А потом ребята из ЦРУ вдруг решили, что лучше ручного тигра — бешеный ручной тигр. Они задумали буквально вскрыть и перетряхнуть всё его существо, многократно умножив врождённую жестокость убийцы. И никого не было рядом, чтобы намекнуть людям, возомнившим себя подобием создателя: природа не терпит издевательства над своими творениями. И в Божью задумку вмешиваться тоже грешновато. Впрочем, вряд ли кукловоды Виктора верили в Бога; а Крид, говоря уж по-честному, больше походил на дьяволово отродье, чем на поделку Господа.
Когда рассыпавшийся на осколки рассудок мутанта, расчленённый и изувеченный болью, сросся снова, сросся уродливо, неправильно, зверя в нём оказалось больше, чем человека.

Крид жил, чтобы убивать. Кровь была его воздухом. Не чувствуя чужой крови, он начинал задыхаться.
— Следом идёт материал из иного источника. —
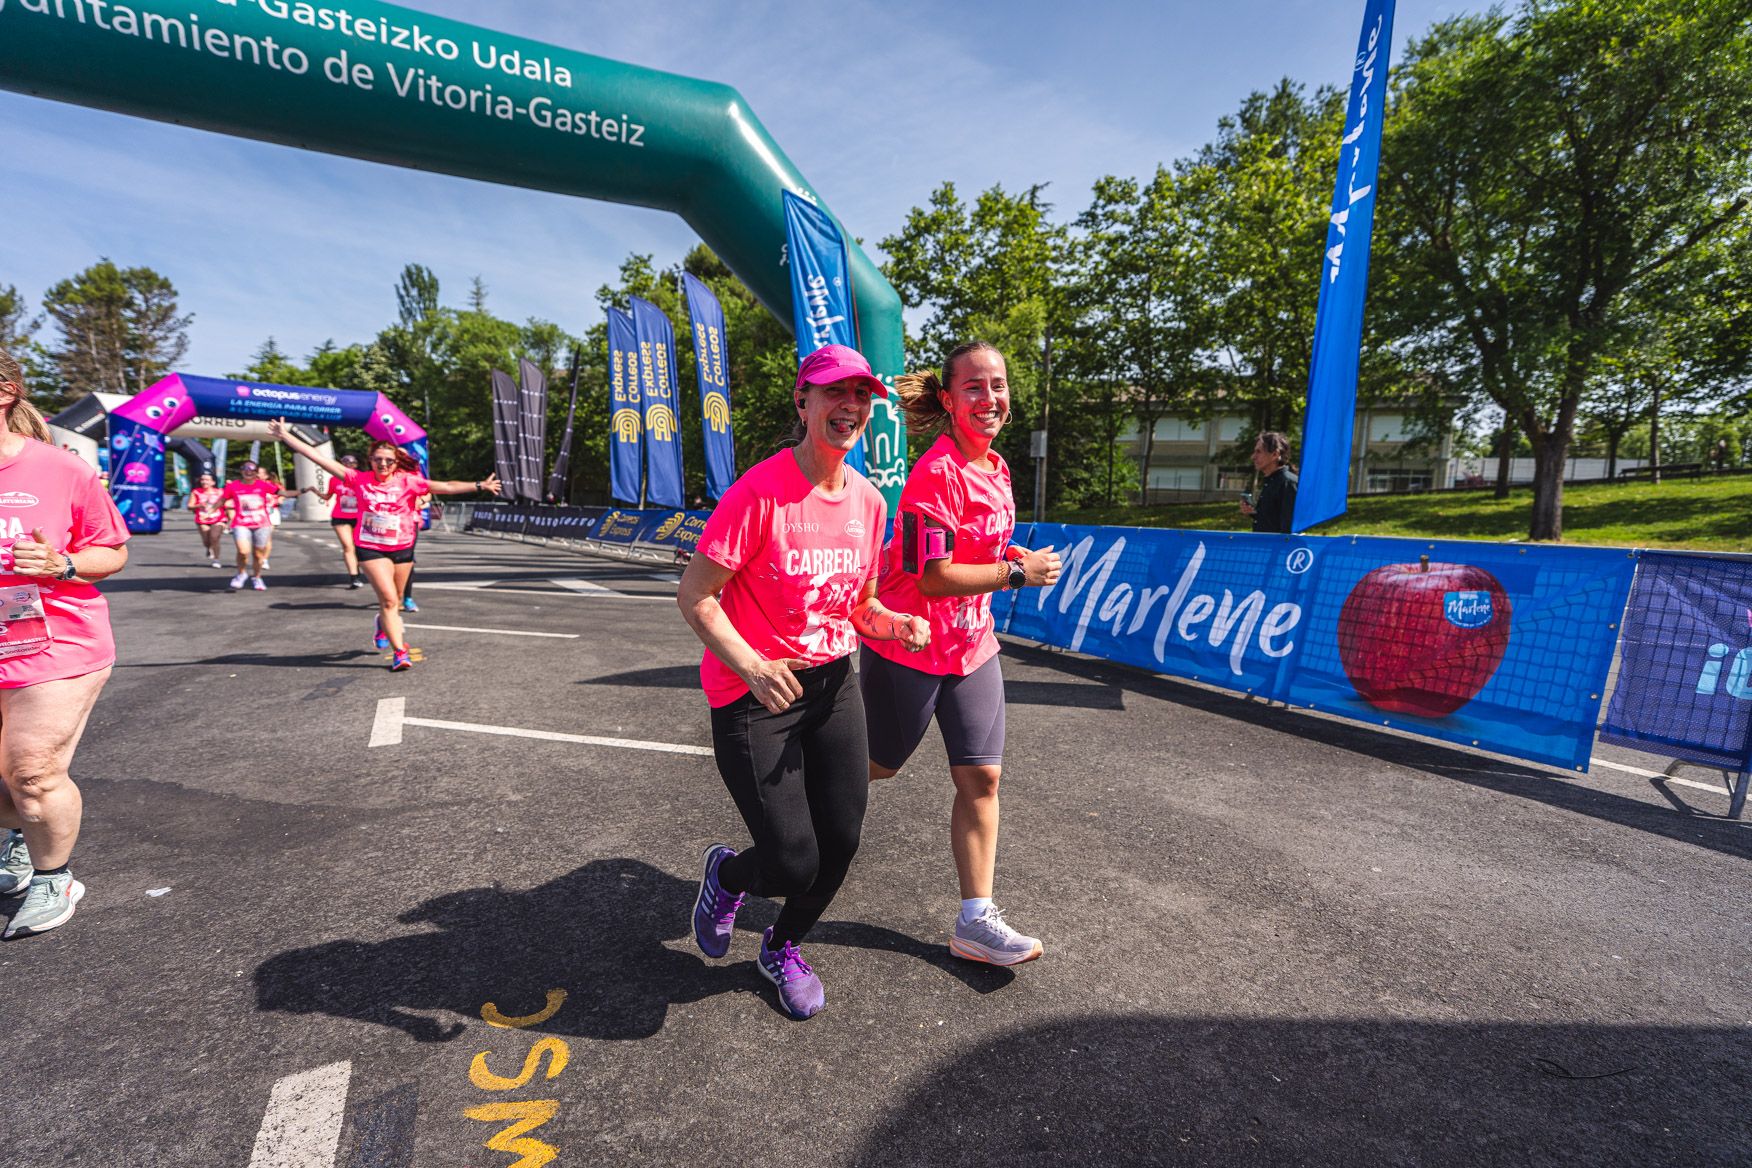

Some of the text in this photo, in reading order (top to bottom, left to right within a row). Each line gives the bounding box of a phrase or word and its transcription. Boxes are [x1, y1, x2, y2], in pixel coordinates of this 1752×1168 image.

[472, 41, 572, 88] Udala
[323, 50, 375, 91] de
[385, 62, 646, 147] Vitoria-Gasteiz
[782, 522, 819, 534] OYSHO
[1037, 535, 1301, 676] Marlene
[1447, 599, 1491, 620] Marlene
Его мозг, этот монстр плейстоценовых времён, впитавший в себя, кажется, злобу десятков предшествующих поколений хищных тварей, обречён был пожирать самоё себя, когда не пожирал других.
И это единственная причина, из-за которой наёмник экстра-класса, которому любой хрен от Аляски до Катманду готов был отвалить круглую сумму просто за то, что Саблезубый посмотрит в сторону своей жертвы, порой превращался в одержимое первобытным инстинктом животное, опускаясь до самых низменных, вульгарных и банальных проявлений насилия над ближним своим, — женщина или мужчина, старик или ребёнок: Виктору не было дела, кого резать. В своём безраздельном стремлении отнять чужую жизнь он демонстрировал миссионерское пренебрежение к расовым, социальным и любым другим различиям между людьми, доступное не всякому святому.
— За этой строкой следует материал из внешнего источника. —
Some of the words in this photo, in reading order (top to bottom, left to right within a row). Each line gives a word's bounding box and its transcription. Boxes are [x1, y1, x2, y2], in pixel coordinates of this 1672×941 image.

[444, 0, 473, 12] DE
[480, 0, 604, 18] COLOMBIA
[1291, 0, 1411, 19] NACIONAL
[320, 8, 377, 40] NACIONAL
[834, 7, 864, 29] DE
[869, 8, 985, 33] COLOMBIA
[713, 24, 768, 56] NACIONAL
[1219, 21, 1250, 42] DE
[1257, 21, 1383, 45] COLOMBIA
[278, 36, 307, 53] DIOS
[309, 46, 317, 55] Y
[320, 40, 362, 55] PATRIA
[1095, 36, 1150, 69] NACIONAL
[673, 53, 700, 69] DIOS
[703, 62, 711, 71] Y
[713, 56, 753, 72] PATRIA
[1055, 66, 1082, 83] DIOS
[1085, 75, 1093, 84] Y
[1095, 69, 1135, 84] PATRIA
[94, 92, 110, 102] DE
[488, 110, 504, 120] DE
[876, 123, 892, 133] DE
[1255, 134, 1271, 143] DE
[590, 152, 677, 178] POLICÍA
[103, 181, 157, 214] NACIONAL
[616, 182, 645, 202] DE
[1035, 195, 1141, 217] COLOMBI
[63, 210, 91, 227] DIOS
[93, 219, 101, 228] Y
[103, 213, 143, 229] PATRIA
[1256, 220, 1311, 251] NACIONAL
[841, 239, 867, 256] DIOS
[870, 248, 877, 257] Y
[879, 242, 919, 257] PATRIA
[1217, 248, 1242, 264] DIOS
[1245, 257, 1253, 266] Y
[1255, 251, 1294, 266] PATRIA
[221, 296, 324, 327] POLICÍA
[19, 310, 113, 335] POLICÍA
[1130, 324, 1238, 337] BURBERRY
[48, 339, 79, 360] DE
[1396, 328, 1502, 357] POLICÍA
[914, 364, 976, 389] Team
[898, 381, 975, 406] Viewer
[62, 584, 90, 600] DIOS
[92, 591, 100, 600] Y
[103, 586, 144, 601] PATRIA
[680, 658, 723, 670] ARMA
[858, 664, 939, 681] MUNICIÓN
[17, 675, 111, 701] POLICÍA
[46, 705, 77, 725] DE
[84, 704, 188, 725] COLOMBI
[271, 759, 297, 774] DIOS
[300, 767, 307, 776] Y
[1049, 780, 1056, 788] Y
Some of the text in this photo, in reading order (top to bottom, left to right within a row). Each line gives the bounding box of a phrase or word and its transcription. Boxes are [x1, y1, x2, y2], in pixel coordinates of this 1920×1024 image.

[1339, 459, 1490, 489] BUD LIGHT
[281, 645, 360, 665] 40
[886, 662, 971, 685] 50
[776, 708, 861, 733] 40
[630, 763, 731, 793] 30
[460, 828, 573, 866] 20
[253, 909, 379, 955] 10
Старый «Форд» летел по трассе, рассеивая сгущавшуюся мглу перед собой лимонным дыханием фар.
В багажнике лежал труп.
Труп звали Питт Бэкон. Точнее, конечно, звали раньше — смерть ведь никого не зовёт по имени. Ибо там, за чертой, имена не нужны.
Блестящий и гладкий, как хитиновый панцирь жука, красный «Додж» мужчины, припаркованный у обочины, попался Саблезубому по дороге. Бедолага, быть может, просто остановился, чтобы справить нужду, перекурить, в конце концов, просто полюбоваться живописным осенним пейзажем — кто знает.
Виктор выпотрошил его, как свинью, раскрыв от горла до самого паха и выпустив наружу вонь набитых дерьмом внутренностей.
Теперь его маленький ласковый мертвец лежал в своём железном гробу, наполняя салон автомобиля миазмами смерти. Восковая кожа ещё не тронута налётом разложения; но клетки уже начали разрушаться, и Виктор это чувствовал.
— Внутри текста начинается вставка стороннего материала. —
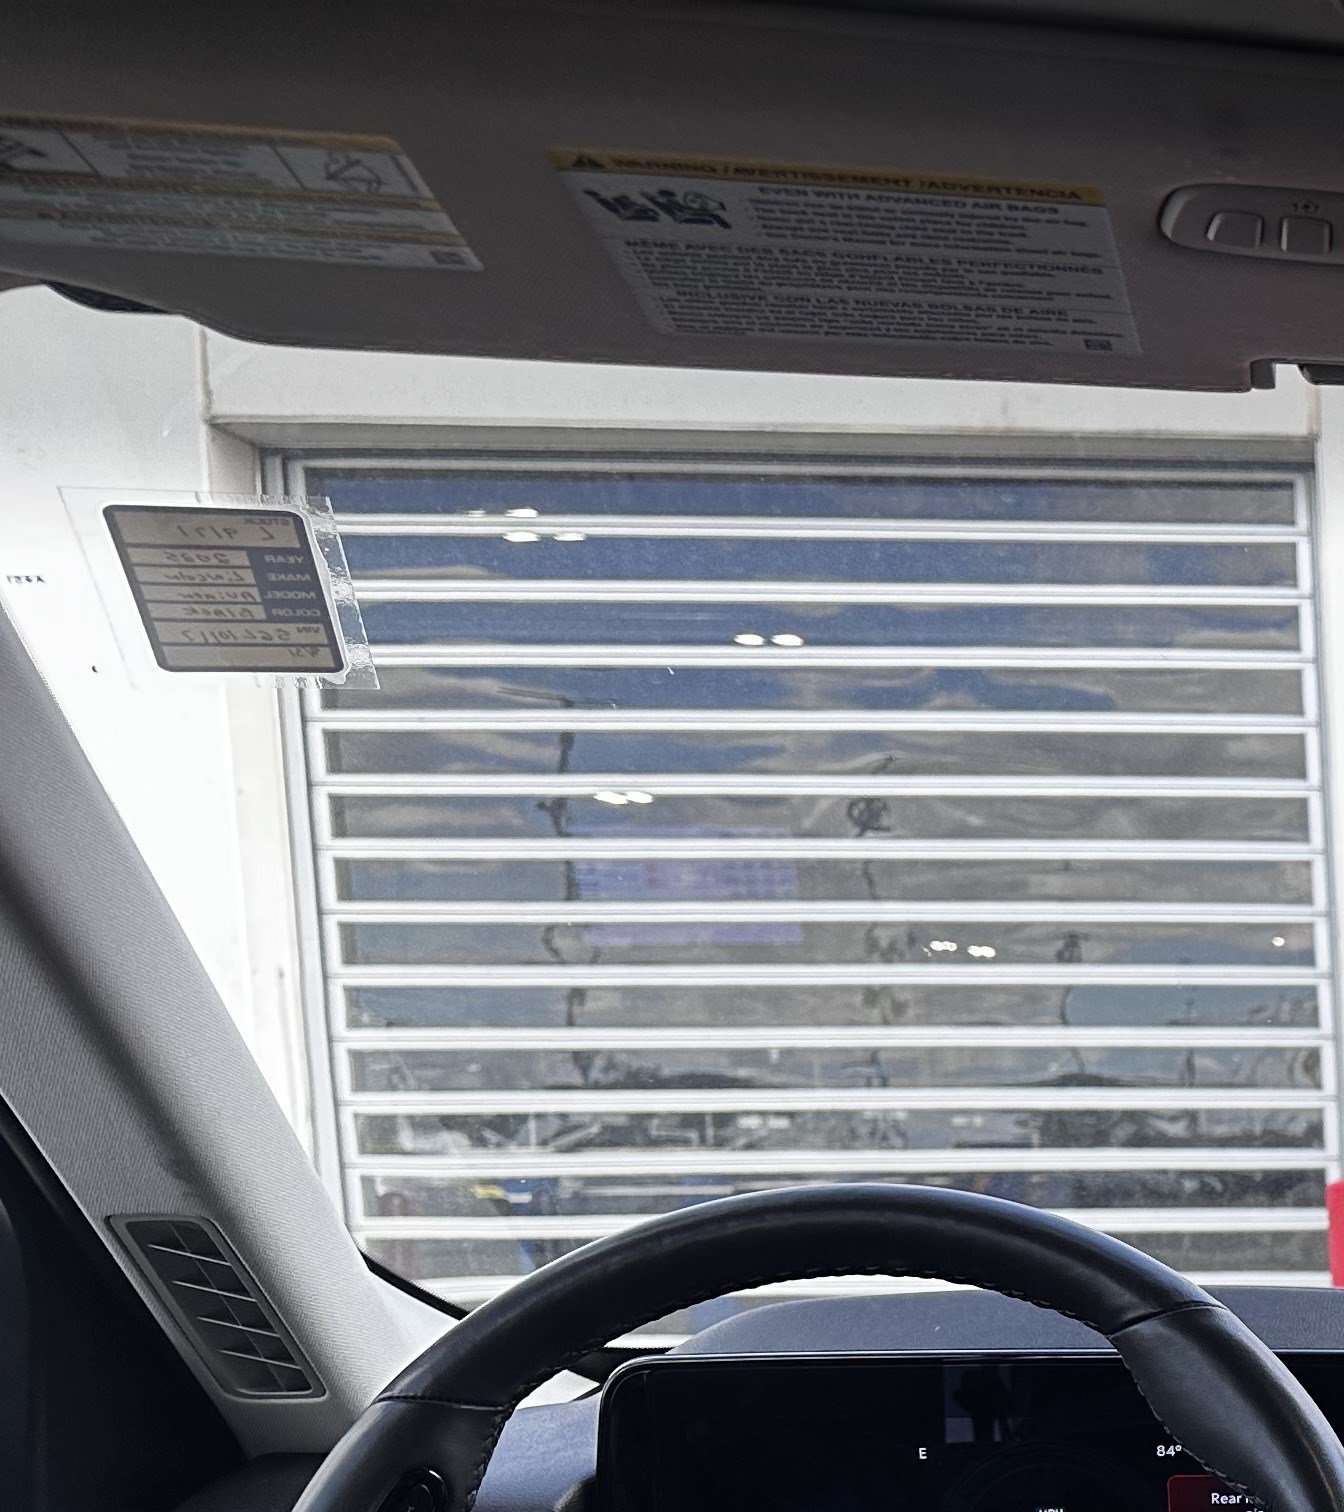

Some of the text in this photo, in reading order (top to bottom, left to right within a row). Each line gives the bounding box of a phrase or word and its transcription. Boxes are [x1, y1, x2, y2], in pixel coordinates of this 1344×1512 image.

[918, 1447, 928, 1459] E
[1155, 1444, 1182, 1457] 84°
[1210, 1492, 1243, 1505] Rear
...Его память превратилась в лоскутное одеяло. Саблезубый никогда не был до конца уверен, что реальность, которую он осязает и видит прямо сейчас — настоящая. Прошлое переплеталось с нынешним, река времени огибала себя, поворачивая вспять своё течение.
Бывало, давно потерянные воспоминания прорывались сквозь полог забытья. Крид пытался ухватить их, но они утекели между пальцев и ускользали от него, как призраки.
Но иногда эти призраки обретали плоть.

Фары выхватили из глубокой антрацитовой дали маленькую фигуру, прилипшую к краю обрыва.
Он проехал бы мимо, но прежде, чем молниеносный импульс успел оформиться в мысль, резко дал по тормозам.

Продукт секреции человеческого тела — и не только человеческого — всегда имеет свои, индивидуальные особенности. Он неповторим, как узор на подушечках пальцев; но несёт в себе отпечаток наследия предков. Запах меняется в зависимости от пола, возраста, расы, привычек. Он может рассказать о человеке всё, если не больше.
То, что почуял Саблезубый, было даже не запахом — отголоском его. Настолько слабым, что можно было смело предположить, что Криду померещилось.
Померещилось, что он узнал в этом призрачном голосе, просочившимся вместе со свежим вечерним воздухом в приоткрытое окно, своего старого врага.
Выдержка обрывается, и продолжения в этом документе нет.